Ejecución a garrote vil
El regicida era Juan Oliva Moncasi, de veintitrés años y natural de Tarragona. Mientras su familia creía ingenuamente que había embarcado hacia Orán en busca de trabajo, se hallaba en realidad en Madrid con una pistola Lafaucheux del calibre doce y dos cañones camuflada en el bolsillo, la cual, una vez disparada, nadie fue capaz de encontrar.
Sí pudo requisar la policía el diario que llevaba encima el agresor, donde había escrito poco antes del atentado: «Ya tengo poco que vivir, porque dentro de una hora viene Alfonso y después me condenarán a muerte».
Juan Oliva fue, en efecto, ejecutado a garrote vil el 4 de enero de 1879. De nada sirvieron las súplicas del monarca al presidente Cánovas del Castillo para que el gobierno le conmutase la pena capital. La necesidad de un buen escarmiento pesó más que la piadosa redención en el ánimo soliviantado de jueces y políticos. El rey, según contó Sagasta en las Cortes, se ocupó de conceder una pensión vitalicia, de su propio bolsillo, a la hija del reo de muerte.

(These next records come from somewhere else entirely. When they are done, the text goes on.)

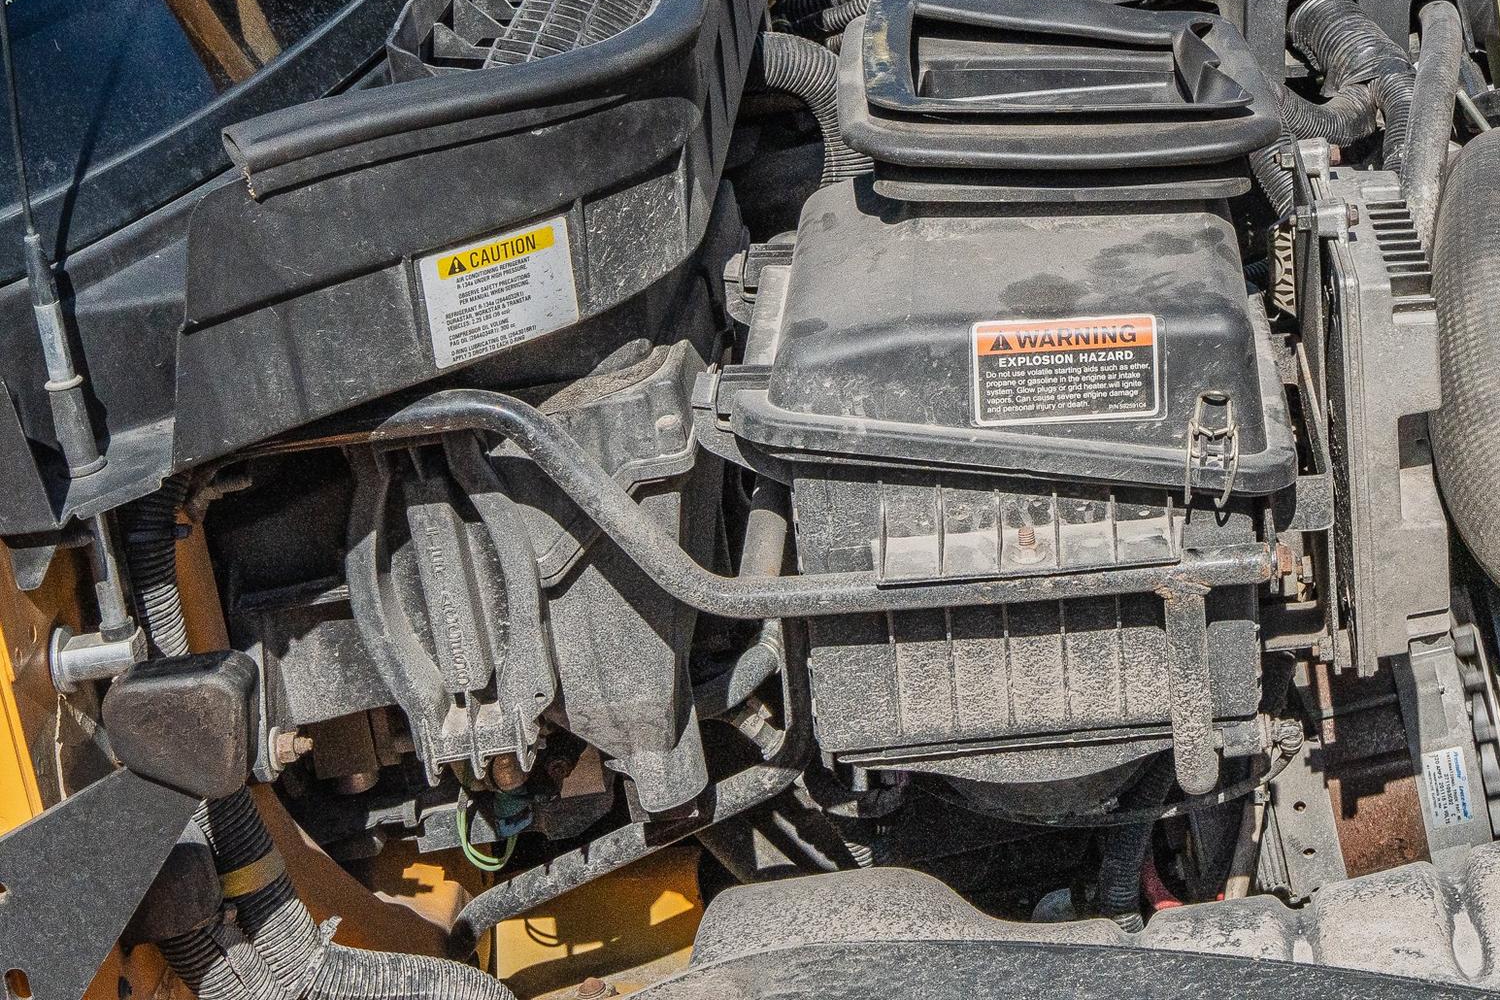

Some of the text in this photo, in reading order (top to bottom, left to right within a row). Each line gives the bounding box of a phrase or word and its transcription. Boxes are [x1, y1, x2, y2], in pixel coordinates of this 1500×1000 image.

[469, 235, 536, 268] CAUTION
[465, 266, 499, 281] CONDITIONING
[500, 257, 530, 270] REFRIGERANT
[458, 272, 530, 299] OBSERVE SAFETY PRECAUTIONS
[474, 275, 491, 285] UNDER
[459, 298, 469, 306] PER
[469, 292, 489, 303] MANUAL
[490, 287, 504, 296] WHEN
[506, 294, 531, 307] TRANSTAR
[445, 306, 477, 321] REFRIGERANT
[449, 326, 481, 342] COMPRESSOR
[490, 317, 509, 328] VOLUME
[1016, 324, 1136, 349] WARNING
[452, 354, 467, 363] APPLY
[472, 347, 488, 356] DROPS
[497, 340, 509, 348] EACH
[468, 336, 499, 351] LUBRICATING
[998, 350, 1134, 367] EXPLOSION HAZARD
[986, 371, 996, 379] Do
[1027, 368, 1053, 377] volatile
[1054, 366, 1082, 376] starting
[1083, 365, 1098, 373] aids
[1100, 364, 1117, 372] such
[1130, 362, 1150, 370] ether,
[986, 380, 1016, 388] propane
[1027, 377, 1058, 386] gasoline
[1082, 374, 1106, 382] engine
[1118, 371, 1141, 379] intake
[1017, 386, 1035, 394] Glow
[1037, 386, 1057, 394] plugs
[1068, 383, 1082, 392] grid
[1122, 380, 1142, 388] ignite
[1015, 395, 1031, 403] Can
[1083, 391, 1107, 400] engine
[1109, 389, 1138, 398] damage
[987, 405, 1001, 413] and
[1003, 403, 1036, 413] personal
[1036, 402, 1056, 411] injury
[1067, 400, 1089, 408] death.

Pero el monarca sufrió aún otro gran sobresalto, el 30 de diciembre de 1879, cuando fue víctima de un segundo atentado fallido contra su vida.

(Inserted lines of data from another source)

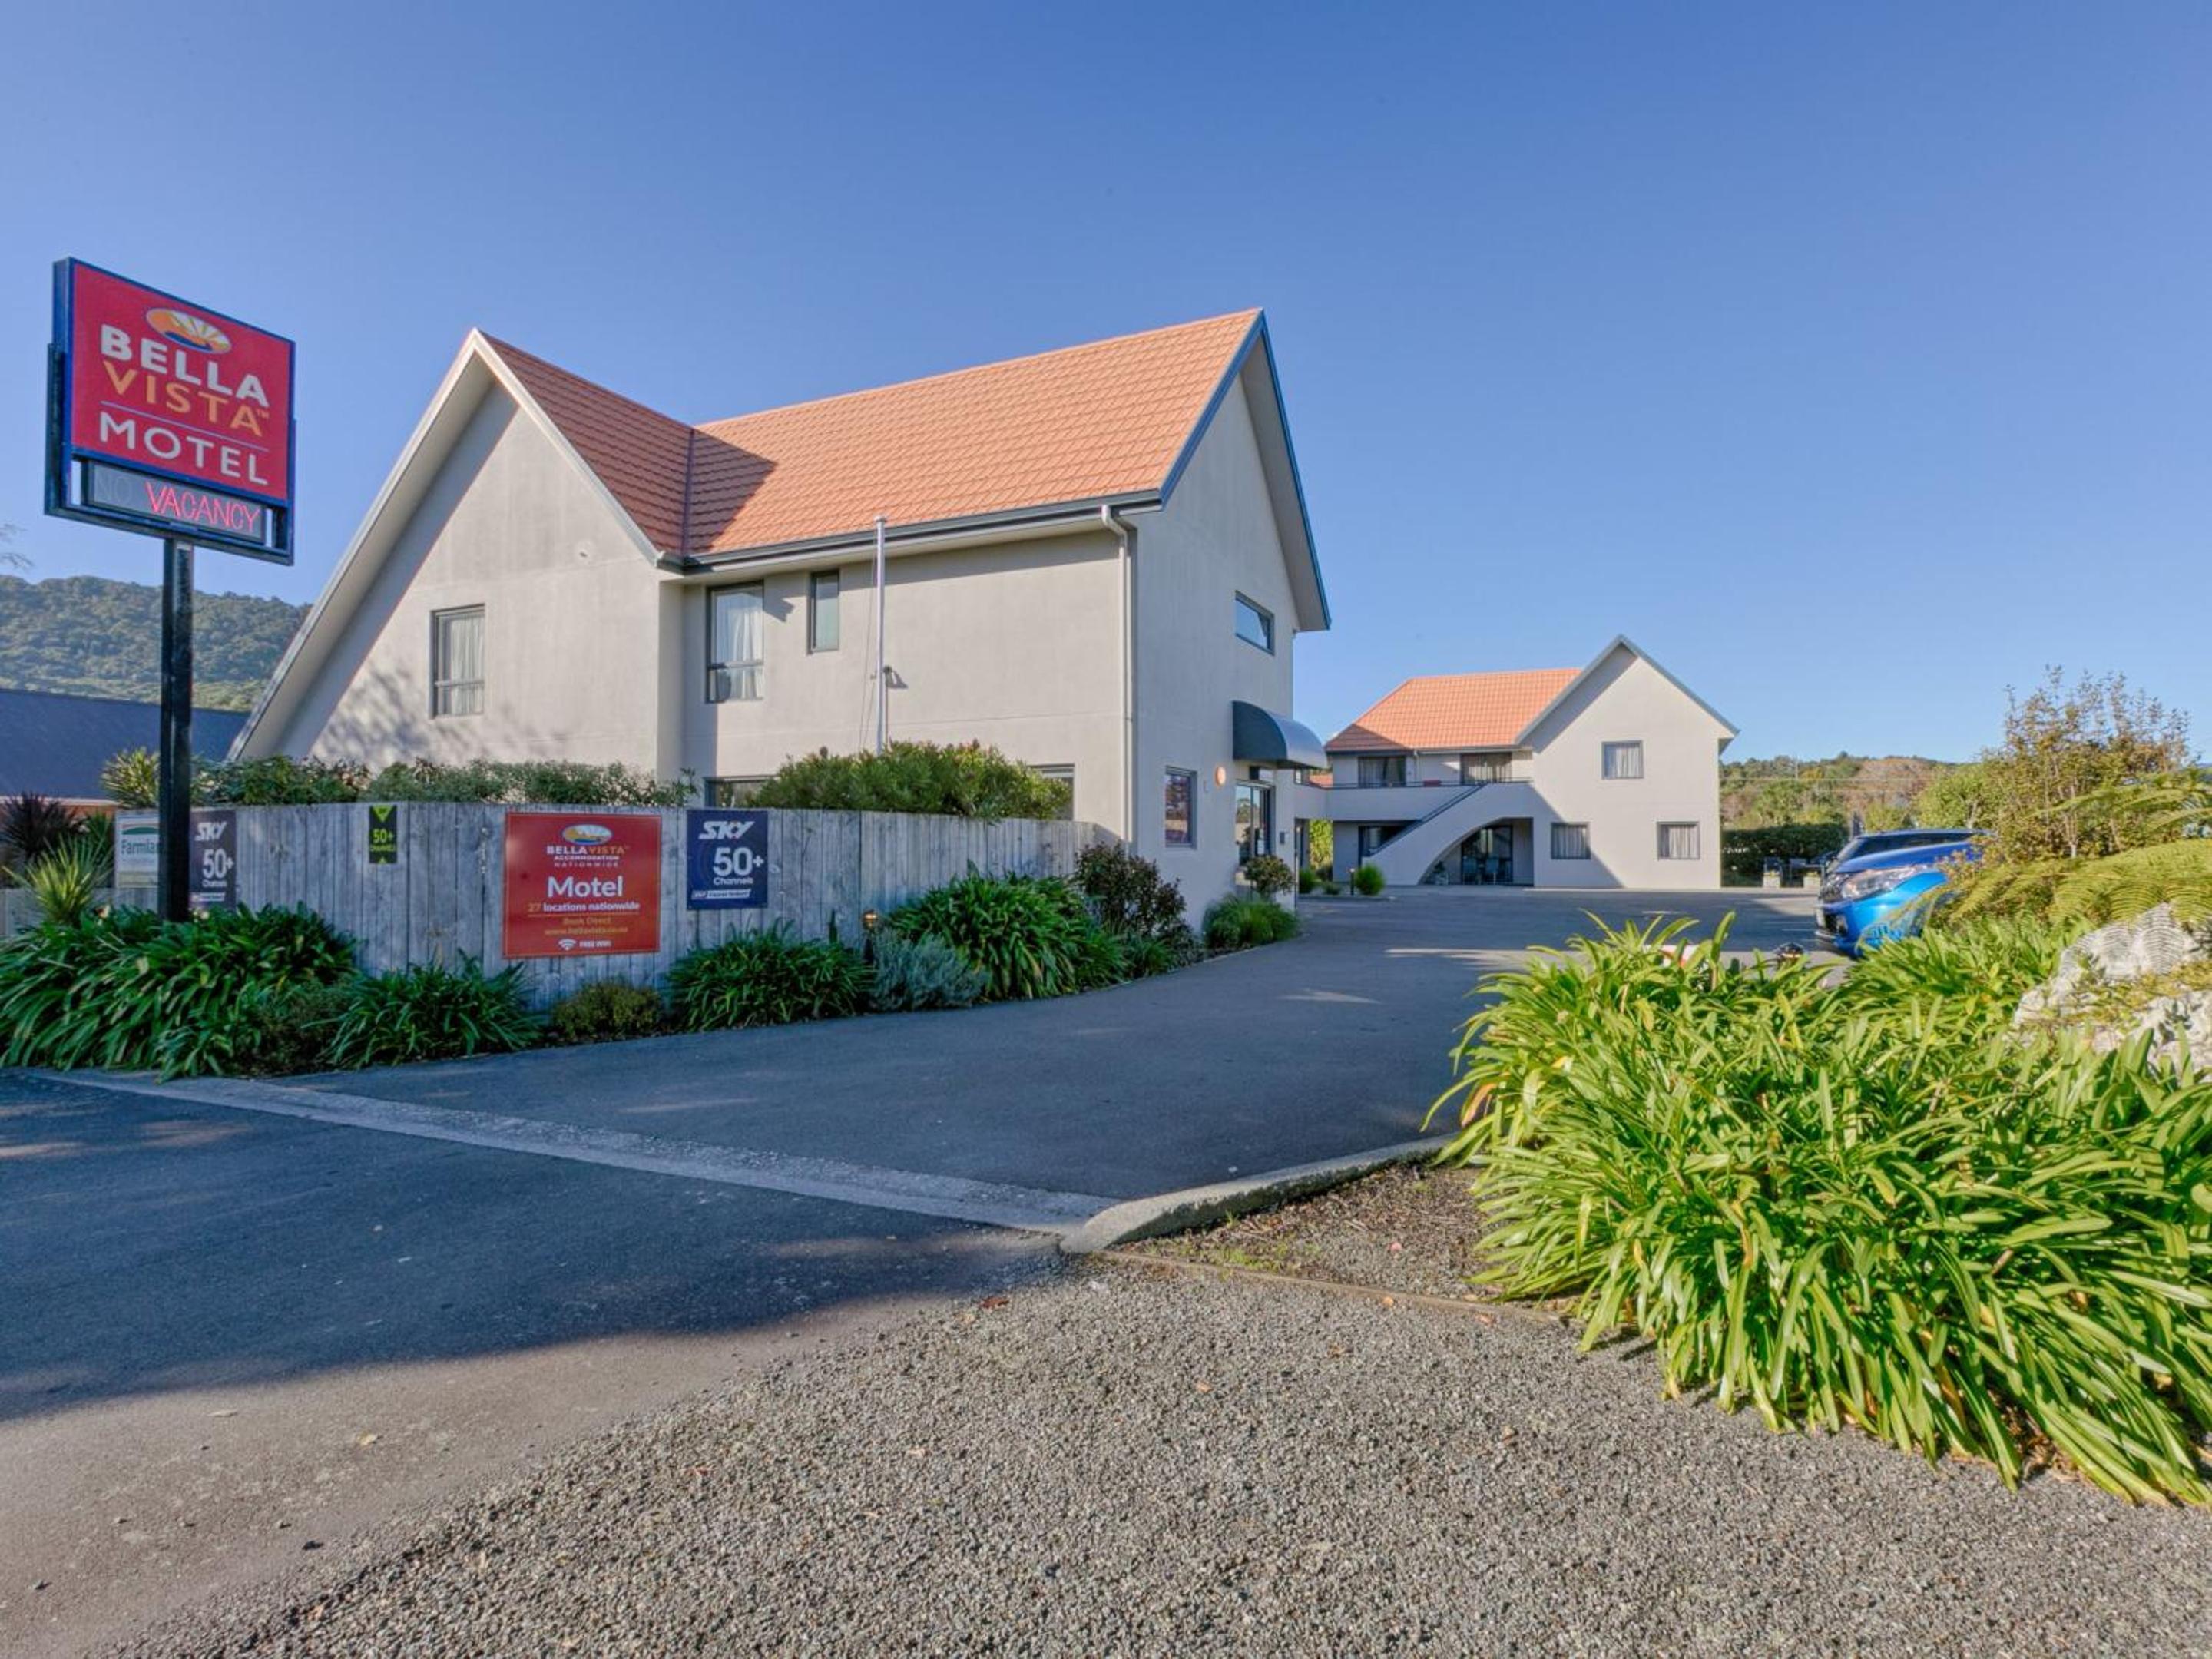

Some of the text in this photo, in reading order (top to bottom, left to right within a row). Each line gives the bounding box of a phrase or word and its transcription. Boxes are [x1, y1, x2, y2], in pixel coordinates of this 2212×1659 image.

[100, 323, 270, 407] BELLA
[98, 411, 269, 486] MOTEL
[145, 480, 260, 532] VACANCY
[195, 821, 227, 841] SKY
[373, 829, 394, 843] 50+
[698, 820, 756, 839] SKY
[547, 846, 588, 855] BELLA
[713, 846, 765, 876] 50+
[203, 849, 234, 879] 50+
[547, 875, 624, 898] Motel
[713, 876, 753, 886] Channels
[543, 902, 587, 912] locations
[588, 900, 641, 911] nationwide

De modo que cuando los reyes regresaban a palacio en un faetón con la sola compañía del caballerizo y dos lacayos, a punto de franquear la Puerta del Príncipe, sonaron dos fuertes descargas casi a bocajarro junto a las filas de curiosos congregados allí para vitorearles al paso.
El griterío enmudeció de repente. Un silencio claustral se adueñó de los centenares de testigos, la mayoría de los cuales detuvo su mirada en el carruaje.
Por fortuna, resultó ser un pésimo tirador: una de las balas pasó muy cerca de uno de los lacayos; la otra rozó casi la cabeza de la reina, que se arrojó, gritando despavorida, en brazos de su esposo.
Los guardias que vigilaban la entrada a palacio lograron también en esta ocasión detener al regicida, de quien averiguaron luego su nombre y procedencia: Francisco Otero González, de profesión panadero y natural de la aldea gallega de Santiago de Nantín, en la provincia de Lugo.
Uno de los centinelas le hubiese atravesado con su lanza de no ser por la orden tajante de capturarle vivo para matarlo bien muerto a garrote vil, el 14 de abril de 1880, en el llamado Campo de los Guardias.